Speaking against the backdrop of the devastating floods that recently swept through parts of Ghana, Dr. Gyamera argued that low-lying wetlands, floodplains, and natural waterways are performing essential environmental functions that cannot be replaced by truckloads of laterite. He stressed that any heavy reliance on filling materials signals that the original terrain was never intended for residential development.
“If you buy land and you are required to fill it extensively before erecting a structure, that should immediately signal that the plot is not meant for residential purposes,” he emphasised during an interview with DC Kwame Kwakye on GBC Radio Central’s Wɔnfrɛ Yie show on Saturday, July 4, 2026.
A crisis of planning, not just rainfall
According to disaster management records, flooding remains one of Ghana’s most frequent natural hazards, affecting thousands annually. Over the past two decades, urban centres Accra, Kumasi, and Sekondi-Takoradi have borne the brunt of recurring inundations. The World Bank estimates that flooding costs the nation hundreds of millions of cedis each year through destroyed infrastructure, lost productivity, and emergency response expenditures.
The Greater Accra Region alone carries the scars of past failures, most notably the June 3, 2015, disaster, which claimed over 150 lives following severe flooding and a subsequent fire explosion. Experts have consistently linked these tragedies to rapid urbanisation, inadequate drainage, construction in flood-prone zones, and flagrant disregard for land-use plans.
Dr. Gyamera placed the blame squarely on weak governance. He argued that the absence of a fully enforced, coordinated national land-use management system has transformed routine rainfall into recurring human-made catastrophes.
“Floods may be triggered by nature, but disasters are often created by human decisions,” he stated. “Every building we approve, every drain we ignore, and every regulation we compromise determines whether communities survive or suffer.”
The mason-engineer divide
The surveyor was particularly critical of the widespread confusion between the roles of masons and certified engineers.
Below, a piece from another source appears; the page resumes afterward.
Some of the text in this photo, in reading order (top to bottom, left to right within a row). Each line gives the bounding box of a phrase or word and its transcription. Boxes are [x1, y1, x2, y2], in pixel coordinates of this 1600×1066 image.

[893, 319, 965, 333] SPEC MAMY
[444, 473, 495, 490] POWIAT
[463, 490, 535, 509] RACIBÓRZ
While masons are vital for laying blocks and implementing designs, engineers conduct scientific assessments soil conditions, structural strength, drainage behaviour, and load calculations.
“Most Ghanaian developers mistake a mason for an engineer or an architect,” he lamented.
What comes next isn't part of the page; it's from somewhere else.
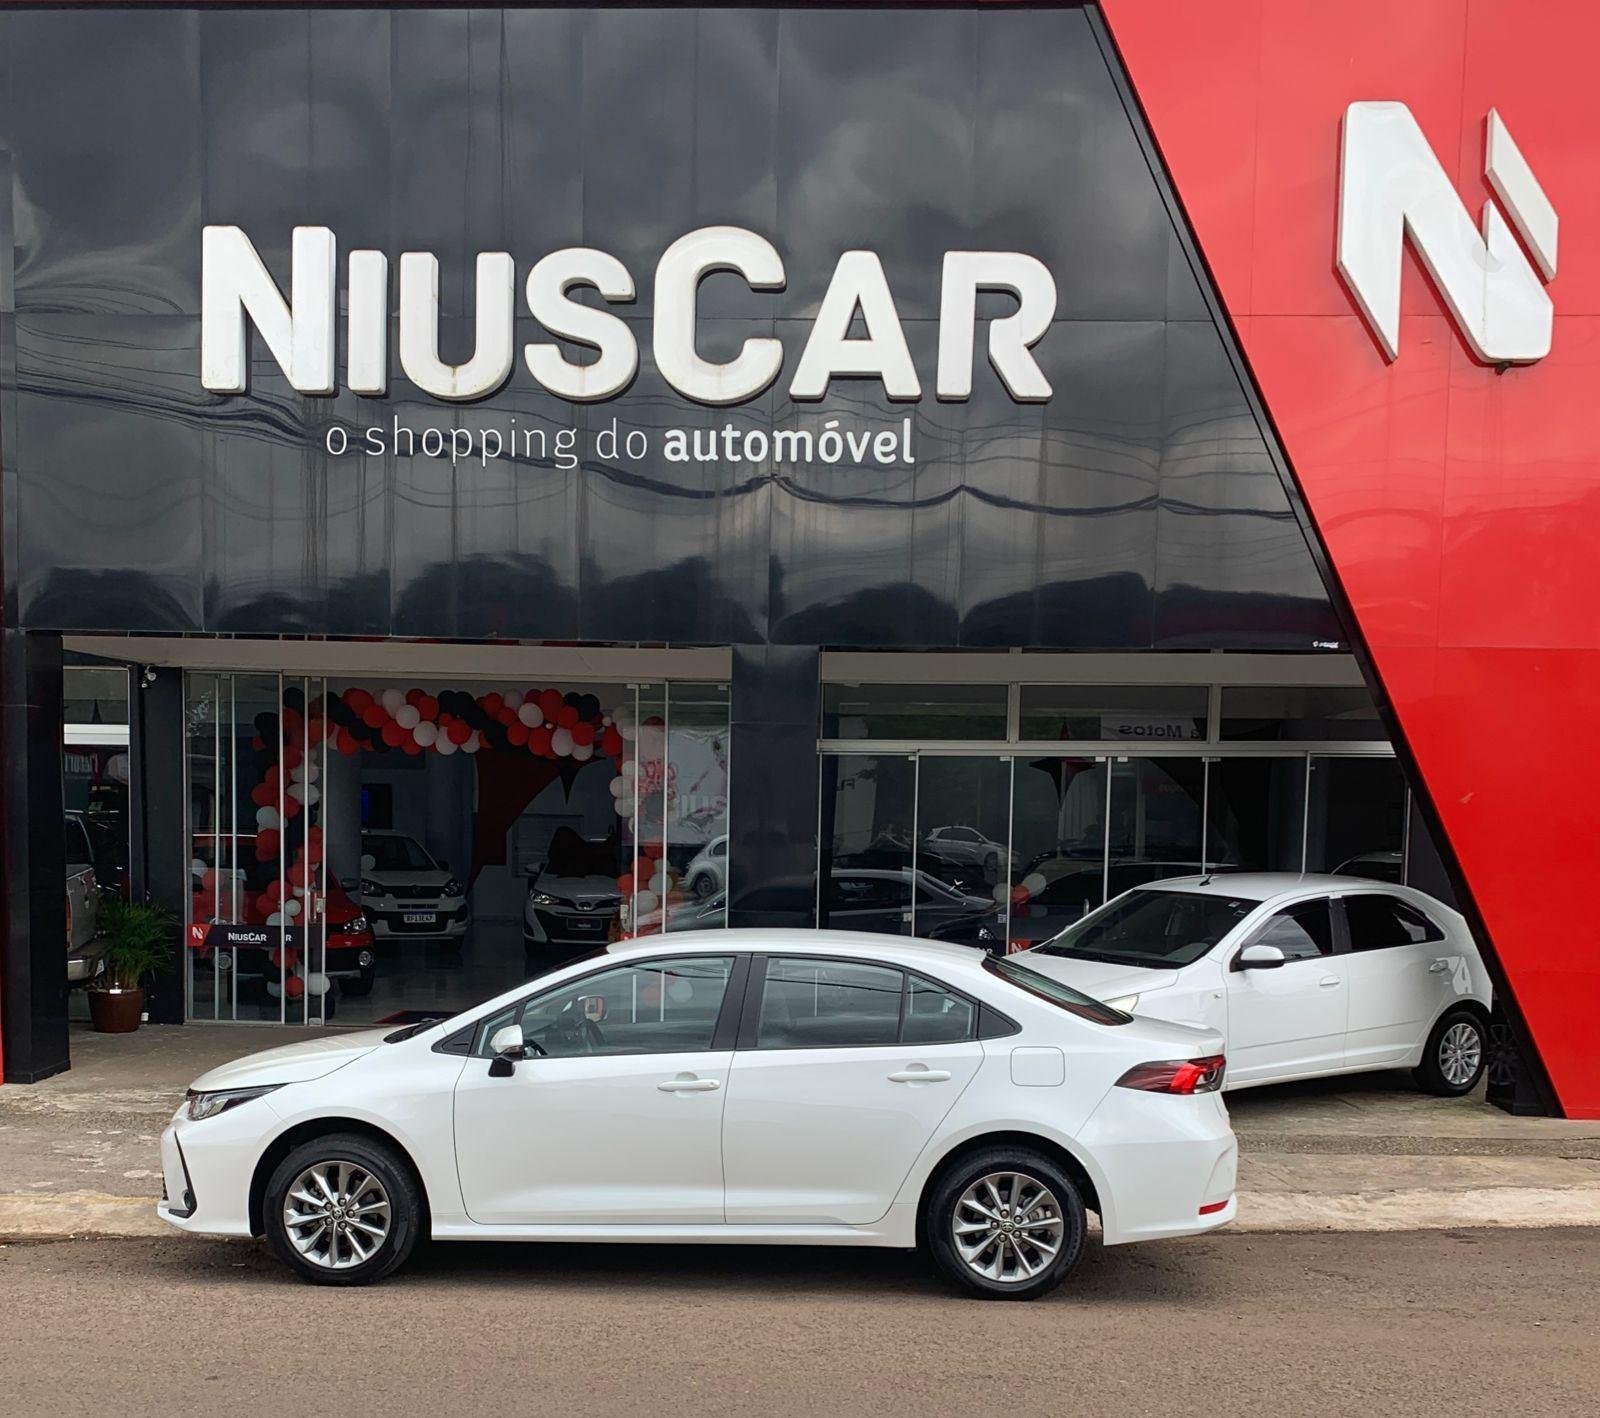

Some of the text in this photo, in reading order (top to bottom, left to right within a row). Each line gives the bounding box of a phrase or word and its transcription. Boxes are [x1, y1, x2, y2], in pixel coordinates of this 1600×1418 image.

[201, 225, 1057, 404] NIUSCAR
[326, 414, 915, 469] o shopping do automóvel
[228, 932, 267, 941] NIUSCAR
He warned that structures erected on filled lands without proper geotechnical investigations face heightened risks of differential settlement, foundation failure, structural cracks, and potential collapse.
Dismissing the perception that engineering services are prohibitively expensive, Dr. Gyamera noted that professional consultation fees represent a fraction of total construction costs. “If you can raise the capital to put up a mansion and yet refuse to hire a certified engineer, that reflects poorly not only on the developer’s mindset but also on our national attitude towards undervaluing essential professional services,” he stressed.
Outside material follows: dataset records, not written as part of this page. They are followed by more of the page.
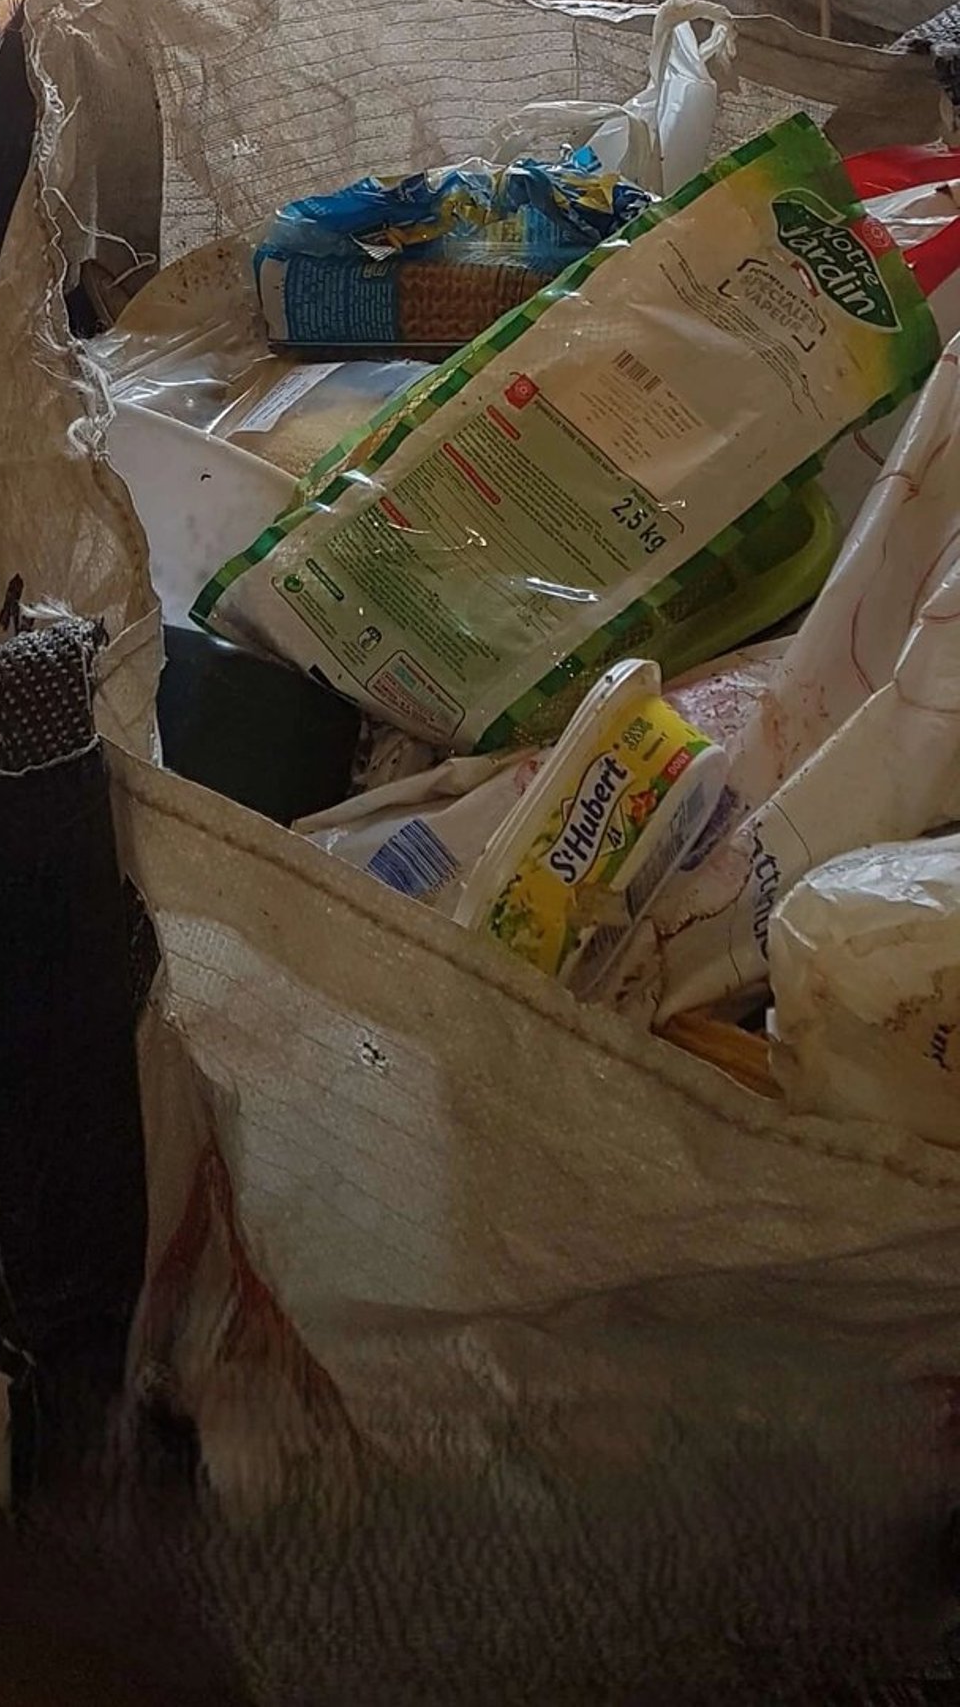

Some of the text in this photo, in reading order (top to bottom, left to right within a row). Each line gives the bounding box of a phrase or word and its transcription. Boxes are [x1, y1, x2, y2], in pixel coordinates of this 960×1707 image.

[780, 225, 876, 315] Jardin
[809, 226, 879, 287] Notre
[610, 497, 667, 554] 2,5 kg
[607, 827, 623, 849] 41
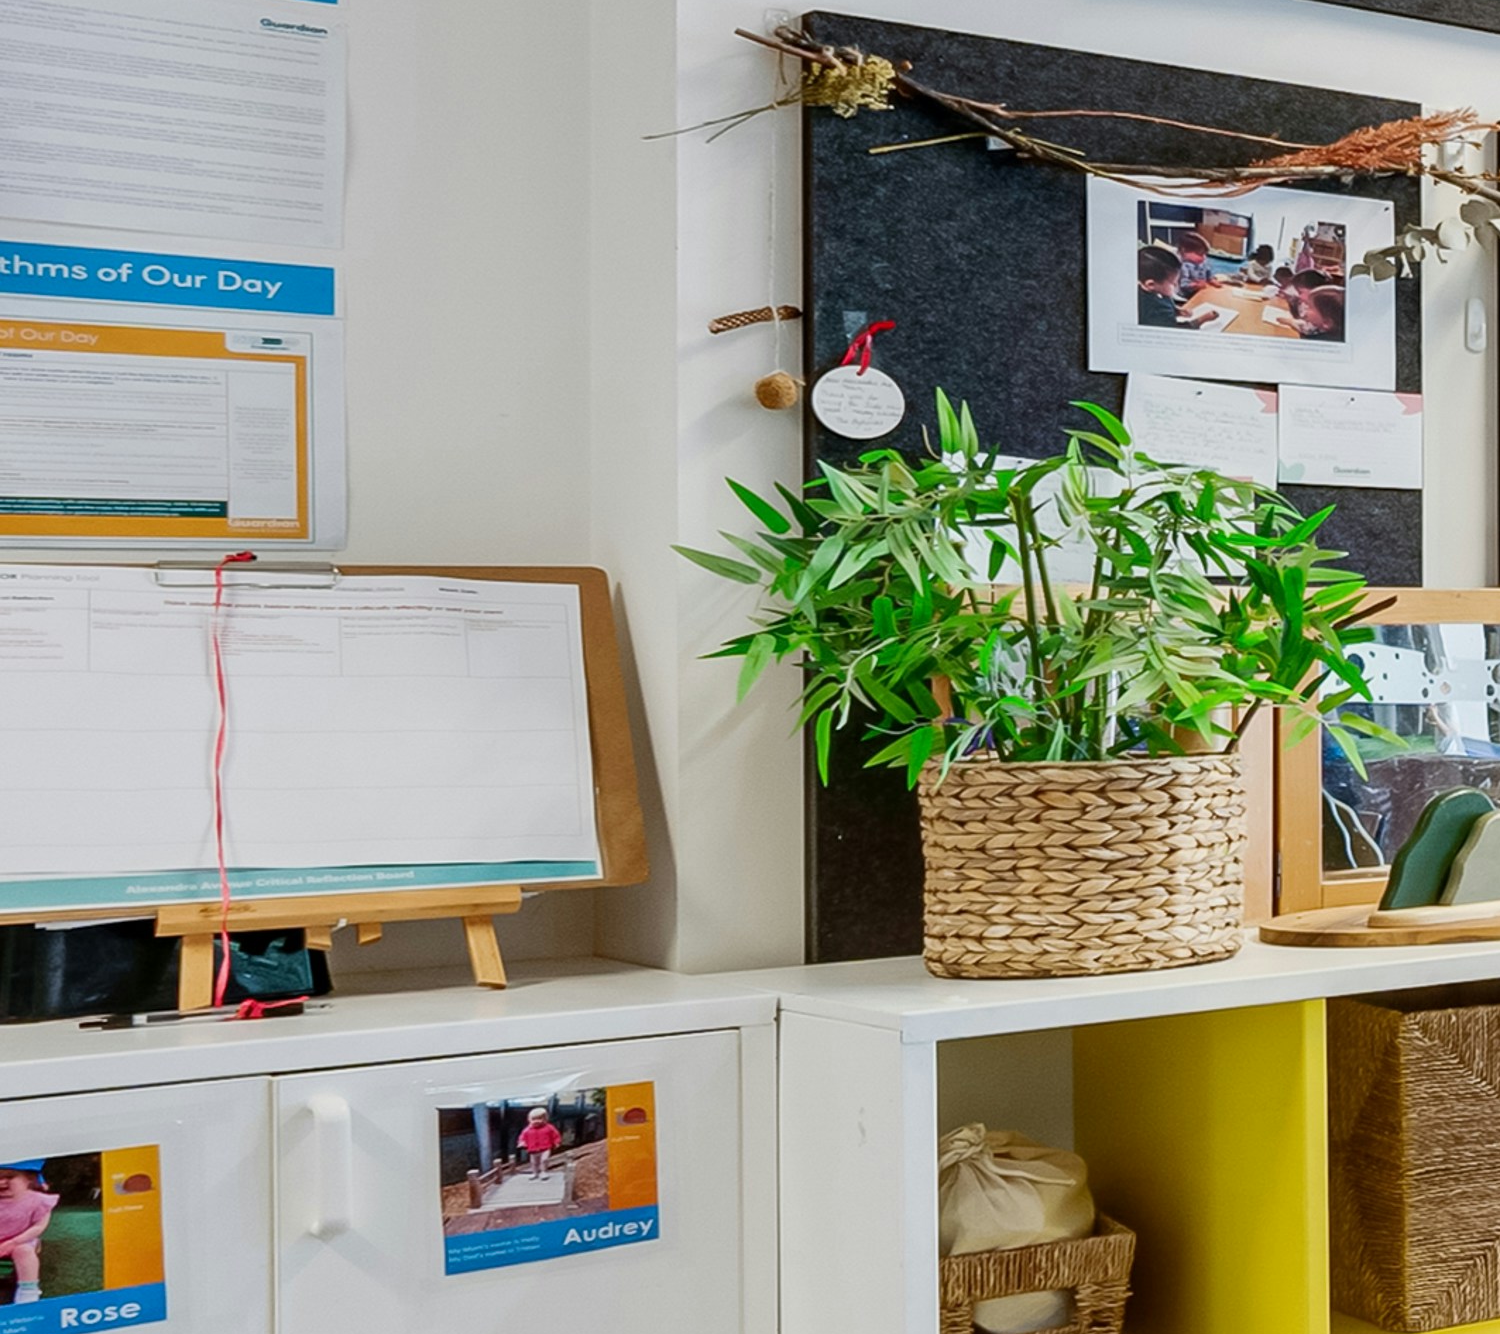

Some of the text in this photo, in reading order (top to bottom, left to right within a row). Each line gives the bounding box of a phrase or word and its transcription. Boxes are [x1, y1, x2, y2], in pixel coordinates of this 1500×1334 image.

[97, 263, 134, 283] of
[142, 264, 208, 289] Our
[217, 270, 284, 300] Day
[20, 328, 55, 343] Our
[60, 329, 99, 346] Day
[255, 875, 304, 888] Critical
[306, 872, 373, 885] Reflection
[376, 869, 415, 881] Board
[563, 1218, 654, 1246] Audrey
[60, 1301, 142, 1329] Rose
Call for regulatory overhaul
Turning to enforcement, Dr. Gyamera acknowledged that while frameworks like the Land Use and Spatial Planning Act, 2016 (Act 925) exist, implementation remains crippled by inadequate technical personnel, weak monitoring systems, and limited logistics at Metropolitan, Municipal and District Assemblies (MMDAs).
He raised a further concern: professionals occupying technical positions often fail to maintain valid certifications. “I am appealing to government to consider taking strong action against any assembly engineer who fails to regularly renew their professional licence,” he said, arguing that public safety demands continuous competence and accountability.
He called for stronger collaboration between the Lands Commission, the Land Use and Spatial Planning Authority, the Engineering Council, professional bodies, traditional authorities, and local assemblies to ensure land allocation adheres to scientific and planning principles.
With more than half of Ghana’s population now living in urban areas, pressure on land is intensifying. Dr. Gyamera expressed cautious optimism but warned that time is running out.
“If we fail to engage certified engineers, and given the forecasted increases in extreme rainfall events associated with climate change, we should prepare ourselves for far worse scenarios in the future,” he cautioned.
He concluded with a sobering reflection: “Sustainable development requires respecting the science of land. Every parcel has a natural purpose and ignoring that purpose comes at a cost.”